Get Your Liquid Ratio Right

Adding too much water will result in thinner, runnier jelly.

At the same time, it will take longer to set.

So, be sure to follow the instructions on the packaging.

You could even reduce the water ratio somewhat (adding less water than is advised).

Do consider that this will result in a less, higher concentrated jelly when set.

Do Smaller Batches

Splitting the jelly into multiple containers, moulds or bowls will speed up the setting time.

Conversely, if you try to set all of your jelly in one container it will generally take longer.

Shallow Containers

Large, tall containers will mean it will take longer for all of the jelly to reduce in temperature, resulting in an increased waiting time.

So, if you can, opt for shallow containers and dishes so that the cold can penetrate the jelly and set it faster.

Don’t Keep Checking

My final piece of advice would be to prepare the jelly, place it in the fridge and move on.

Set a timer for 3-4 hours and only check back once (or at most twice) during the setting process.

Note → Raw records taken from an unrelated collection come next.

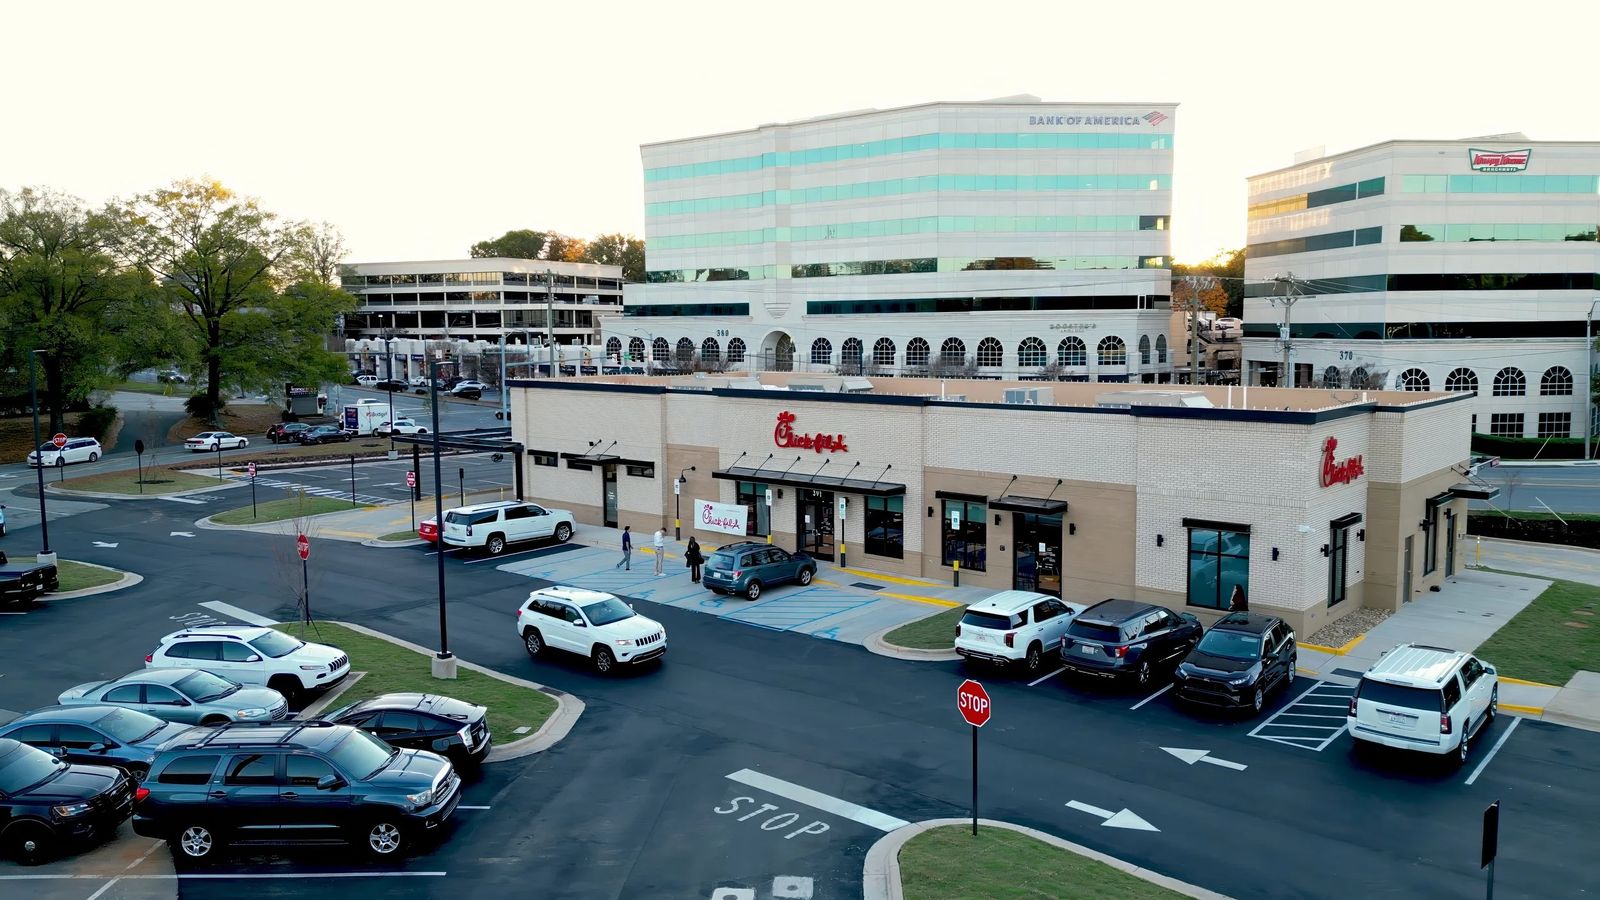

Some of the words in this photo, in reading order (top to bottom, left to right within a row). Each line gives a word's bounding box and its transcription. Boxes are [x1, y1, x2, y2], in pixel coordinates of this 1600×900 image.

[1029, 116, 1063, 126] BANK
[1066, 116, 1082, 126] OF
[1084, 116, 1141, 126] AMERICA
[1340, 351, 1352, 360] 370
[960, 691, 988, 714] STOP
[713, 797, 830, 839] STOP

Keep the fridge securely shut at all times.

The more you open the fridge (and/or check the jelly), the more warm air you will introduce to your jelly and the longer it will take (as it will have to cool down again).

For this reason, it’s best to not take the jelly out of the fridge/freezer until its ready.

Related Questions

Does putting jelly in the freezer make it set faster?

Putting jelly in the freezer does help it to set faster. You should notice a reduction in setting time by around half.

How to make jelly set faster

The best way to make jelly set faster is to expose it to colder temperatures. At the same time, making smaller batches and splitting it up into separate molds or bowls will reduce setting time.